## TRY IT
Start to finish, write out the entries exactly, leaving the pictures aside.

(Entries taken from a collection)
━━━━━━━━━━━━━━━━
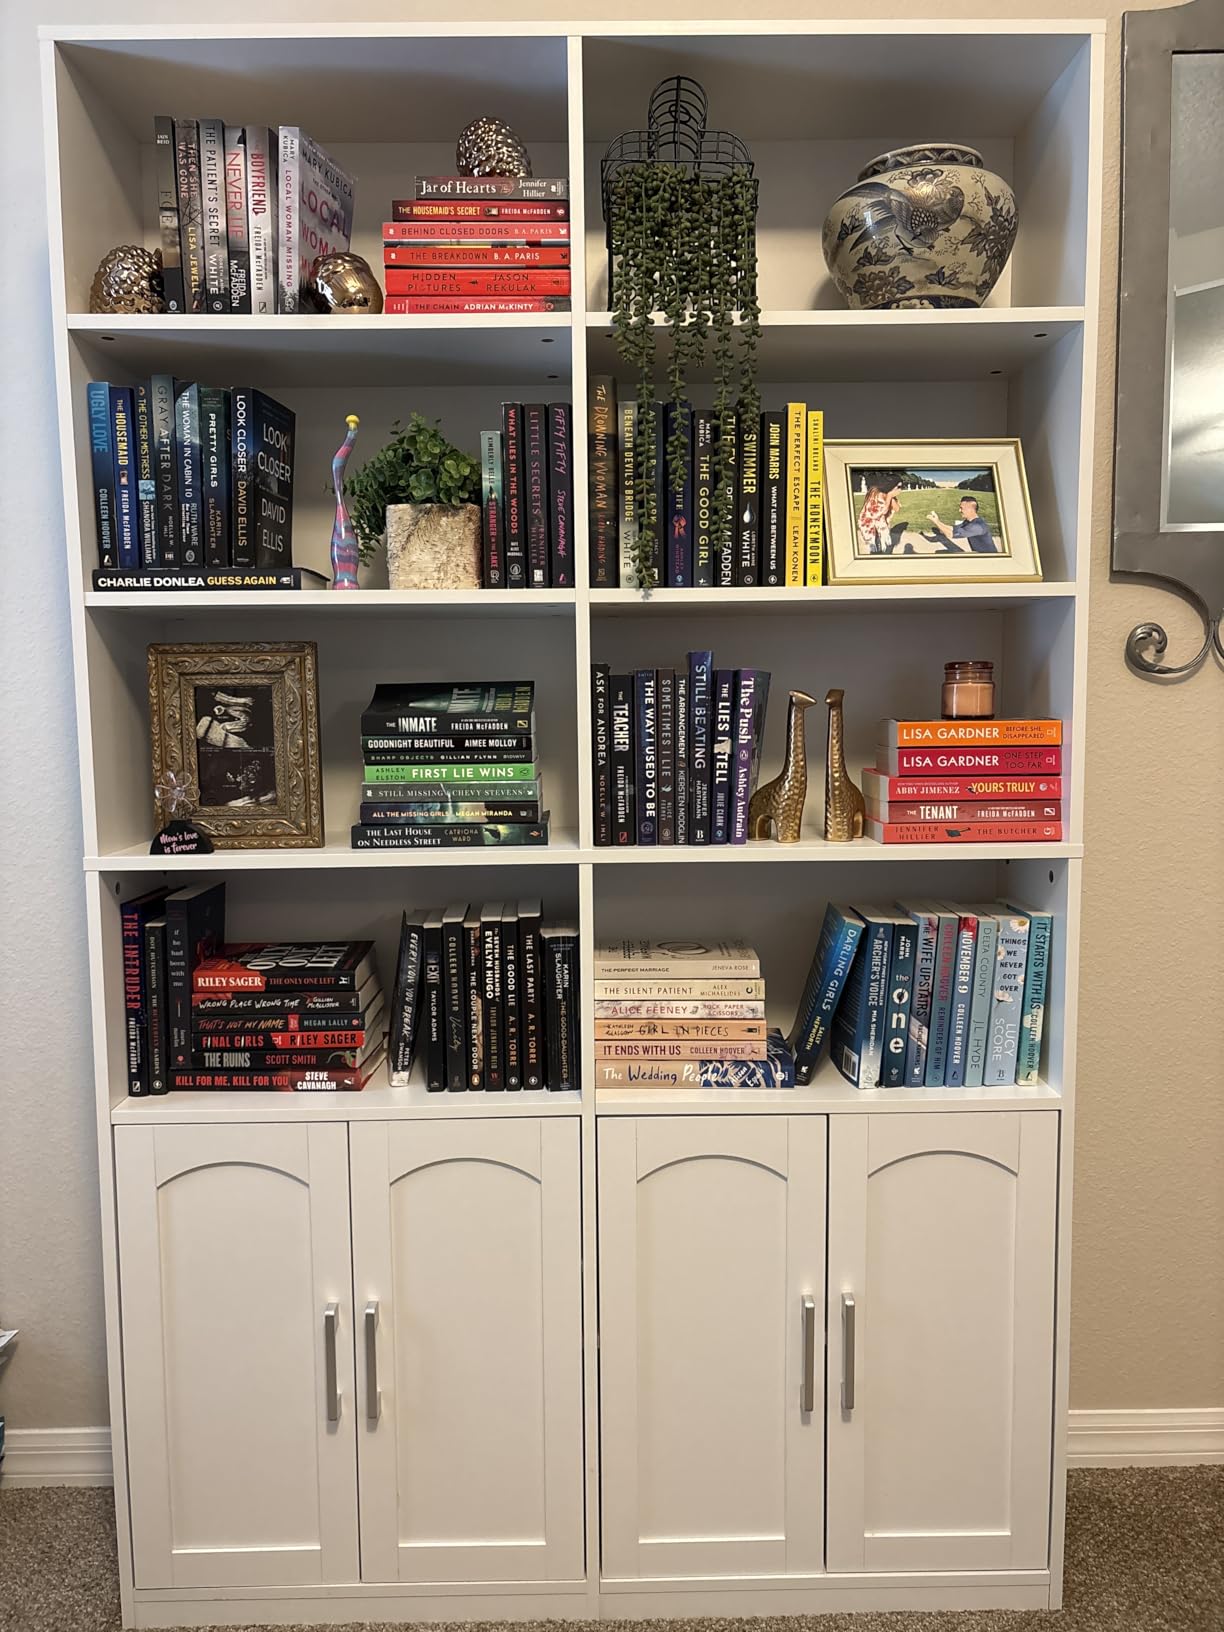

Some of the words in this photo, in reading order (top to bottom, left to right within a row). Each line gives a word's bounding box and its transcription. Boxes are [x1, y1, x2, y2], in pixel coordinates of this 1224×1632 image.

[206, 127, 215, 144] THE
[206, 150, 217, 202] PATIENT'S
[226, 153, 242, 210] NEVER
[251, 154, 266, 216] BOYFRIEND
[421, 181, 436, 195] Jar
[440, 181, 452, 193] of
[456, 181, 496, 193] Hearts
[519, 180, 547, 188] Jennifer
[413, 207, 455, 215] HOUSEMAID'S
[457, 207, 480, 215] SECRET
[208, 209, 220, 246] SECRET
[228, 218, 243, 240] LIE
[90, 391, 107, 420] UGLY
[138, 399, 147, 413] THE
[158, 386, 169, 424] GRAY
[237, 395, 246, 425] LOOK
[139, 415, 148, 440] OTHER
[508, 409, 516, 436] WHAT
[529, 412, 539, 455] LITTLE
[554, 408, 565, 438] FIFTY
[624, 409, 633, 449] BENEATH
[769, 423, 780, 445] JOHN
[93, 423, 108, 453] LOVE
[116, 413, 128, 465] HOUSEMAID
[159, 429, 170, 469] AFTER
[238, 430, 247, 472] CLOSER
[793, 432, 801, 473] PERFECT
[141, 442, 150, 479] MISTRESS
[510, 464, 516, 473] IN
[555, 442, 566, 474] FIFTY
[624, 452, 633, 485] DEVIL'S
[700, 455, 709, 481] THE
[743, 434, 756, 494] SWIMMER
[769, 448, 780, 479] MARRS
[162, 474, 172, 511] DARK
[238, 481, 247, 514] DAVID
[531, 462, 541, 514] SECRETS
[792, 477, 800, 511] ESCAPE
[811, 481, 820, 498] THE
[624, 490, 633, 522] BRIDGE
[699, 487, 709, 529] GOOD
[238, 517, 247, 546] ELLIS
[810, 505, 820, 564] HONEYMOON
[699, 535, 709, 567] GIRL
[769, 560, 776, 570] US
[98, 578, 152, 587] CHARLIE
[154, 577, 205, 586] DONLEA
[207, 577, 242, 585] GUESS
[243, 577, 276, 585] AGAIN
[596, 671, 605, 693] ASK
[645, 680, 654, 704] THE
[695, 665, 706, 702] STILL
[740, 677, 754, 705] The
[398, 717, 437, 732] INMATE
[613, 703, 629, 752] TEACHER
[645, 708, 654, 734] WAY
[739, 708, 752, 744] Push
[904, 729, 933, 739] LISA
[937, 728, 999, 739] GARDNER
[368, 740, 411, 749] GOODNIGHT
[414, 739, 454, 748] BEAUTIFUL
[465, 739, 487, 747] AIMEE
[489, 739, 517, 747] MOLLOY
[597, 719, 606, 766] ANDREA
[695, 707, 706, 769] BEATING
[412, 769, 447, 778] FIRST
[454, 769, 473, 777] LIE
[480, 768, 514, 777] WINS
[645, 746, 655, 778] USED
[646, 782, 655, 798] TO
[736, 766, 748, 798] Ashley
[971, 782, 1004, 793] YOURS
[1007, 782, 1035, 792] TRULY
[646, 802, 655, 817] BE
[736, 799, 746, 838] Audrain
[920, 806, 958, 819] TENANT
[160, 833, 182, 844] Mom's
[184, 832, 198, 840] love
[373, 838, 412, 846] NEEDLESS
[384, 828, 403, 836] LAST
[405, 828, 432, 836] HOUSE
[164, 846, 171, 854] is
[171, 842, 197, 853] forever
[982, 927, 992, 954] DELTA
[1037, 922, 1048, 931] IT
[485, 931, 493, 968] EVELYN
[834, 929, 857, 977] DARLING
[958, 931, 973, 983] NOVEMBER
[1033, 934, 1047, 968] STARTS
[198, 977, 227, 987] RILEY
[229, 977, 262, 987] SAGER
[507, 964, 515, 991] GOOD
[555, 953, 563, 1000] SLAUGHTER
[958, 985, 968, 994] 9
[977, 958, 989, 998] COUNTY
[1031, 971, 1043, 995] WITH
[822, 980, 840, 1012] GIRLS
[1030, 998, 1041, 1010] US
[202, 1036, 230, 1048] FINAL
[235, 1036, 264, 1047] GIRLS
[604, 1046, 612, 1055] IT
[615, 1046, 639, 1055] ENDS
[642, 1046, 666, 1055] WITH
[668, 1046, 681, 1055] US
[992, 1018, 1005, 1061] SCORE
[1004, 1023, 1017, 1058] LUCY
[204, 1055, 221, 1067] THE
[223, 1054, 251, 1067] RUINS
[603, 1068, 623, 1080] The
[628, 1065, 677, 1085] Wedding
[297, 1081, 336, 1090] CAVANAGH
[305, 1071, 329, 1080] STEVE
━━━━━━━━━━━━━━━━
## RESULT OF THE TASK
Some of the words in this photo, in reading order (top to bottom, left to right within a row). Each line gives a word's bounding box and its transcription. Boxes are [x1, y1, x2, y2], in pixel coordinates of this 1224×1632 image.

[206, 127, 215, 144] THE
[206, 150, 217, 202] PATIENT'S
[226, 153, 242, 210] NEVER
[251, 154, 266, 216] BOYFRIEND
[421, 181, 436, 195] Jar
[440, 181, 452, 193] of
[456, 181, 496, 193] Hearts
[519, 180, 547, 188] Jennifer
[413, 207, 455, 215] HOUSEMAID'S
[457, 207, 480, 215] SECRET
[208, 209, 220, 246] SECRET
[228, 218, 243, 240] LIE
[90, 391, 107, 420] UGLY
[138, 399, 147, 413] THE
[158, 386, 169, 424] GRAY
[237, 395, 246, 425] LOOK
[139, 415, 148, 440] OTHER
[508, 409, 516, 436] WHAT
[529, 412, 539, 455] LITTLE
[554, 408, 565, 438] FIFTY
[624, 409, 633, 449] BENEATH
[769, 423, 780, 445] JOHN
[93, 423, 108, 453] LOVE
[116, 413, 128, 465] HOUSEMAID
[159, 429, 170, 469] AFTER
[238, 430, 247, 472] CLOSER
[793, 432, 801, 473] PERFECT
[141, 442, 150, 479] MISTRESS
[510, 464, 516, 473] IN
[555, 442, 566, 474] FIFTY
[624, 452, 633, 485] DEVIL'S
[700, 455, 709, 481] THE
[743, 434, 756, 494] SWIMMER
[769, 448, 780, 479] MARRS
[162, 474, 172, 511] DARK
[238, 481, 247, 514] DAVID
[531, 462, 541, 514] SECRETS
[792, 477, 800, 511] ESCAPE
[811, 481, 820, 498] THE
[624, 490, 633, 522] BRIDGE
[699, 487, 709, 529] GOOD
[238, 517, 247, 546] ELLIS
[810, 505, 820, 564] HONEYMOON
[699, 535, 709, 567] GIRL
[769, 560, 776, 570] US
[98, 578, 152, 587] CHARLIE
[154, 577, 205, 586] DONLEA
[207, 577, 242, 585] GUESS
[243, 577, 276, 585] AGAIN
[596, 671, 605, 693] ASK
[645, 680, 654, 704] THE
[695, 665, 706, 702] STILL
[740, 677, 754, 705] The
[398, 717, 437, 732] INMATE
[613, 703, 629, 752] TEACHER
[645, 708, 654, 734] WAY
[739, 708, 752, 744] Push
[904, 729, 933, 739] LISA
[937, 728, 999, 739] GARDNER
[368, 740, 411, 749] GOODNIGHT
[414, 739, 454, 748] BEAUTIFUL
[465, 739, 487, 747] AIMEE
[489, 739, 517, 747] MOLLOY
[597, 719, 606, 766] ANDREA
[695, 707, 706, 769] BEATING
[412, 769, 447, 778] FIRST
[454, 769, 473, 777] LIE
[480, 768, 514, 777] WINS
[645, 746, 655, 778] USED
[646, 782, 655, 798] TO
[736, 766, 748, 798] Ashley
[971, 782, 1004, 793] YOURS
[1007, 782, 1035, 792] TRULY
[646, 802, 655, 817] BE
[736, 799, 746, 838] Audrain
[920, 806, 958, 819] TENANT
[160, 833, 182, 844] Mom's
[184, 832, 198, 840] love
[373, 838, 412, 846] NEEDLESS
[384, 828, 403, 836] LAST
[405, 828, 432, 836] HOUSE
[164, 846, 171, 854] is
[171, 842, 197, 853] forever
[982, 927, 992, 954] DELTA
[1037, 922, 1048, 931] IT
[485, 931, 493, 968] EVELYN
[834, 929, 857, 977] DARLING
[958, 931, 973, 983] NOVEMBER
[1033, 934, 1047, 968] STARTS
[198, 977, 227, 987] RILEY
[229, 977, 262, 987] SAGER
[507, 964, 515, 991] GOOD
[555, 953, 563, 1000] SLAUGHTER
[958, 985, 968, 994] 9
[977, 958, 989, 998] COUNTY
[1031, 971, 1043, 995] WITH
[822, 980, 840, 1012] GIRLS
[1030, 998, 1041, 1010] US
[202, 1036, 230, 1048] FINAL
[235, 1036, 264, 1047] GIRLS
[604, 1046, 612, 1055] IT
[615, 1046, 639, 1055] ENDS
[642, 1046, 666, 1055] WITH
[668, 1046, 681, 1055] US
[992, 1018, 1005, 1061] SCORE
[1004, 1023, 1017, 1058] LUCY
[204, 1055, 221, 1067] THE
[223, 1054, 251, 1067] RUINS
[603, 1068, 623, 1080] The
[628, 1065, 677, 1085] Wedding
[297, 1081, 336, 1090] CAVANAGH
[305, 1071, 329, 1080] STEVE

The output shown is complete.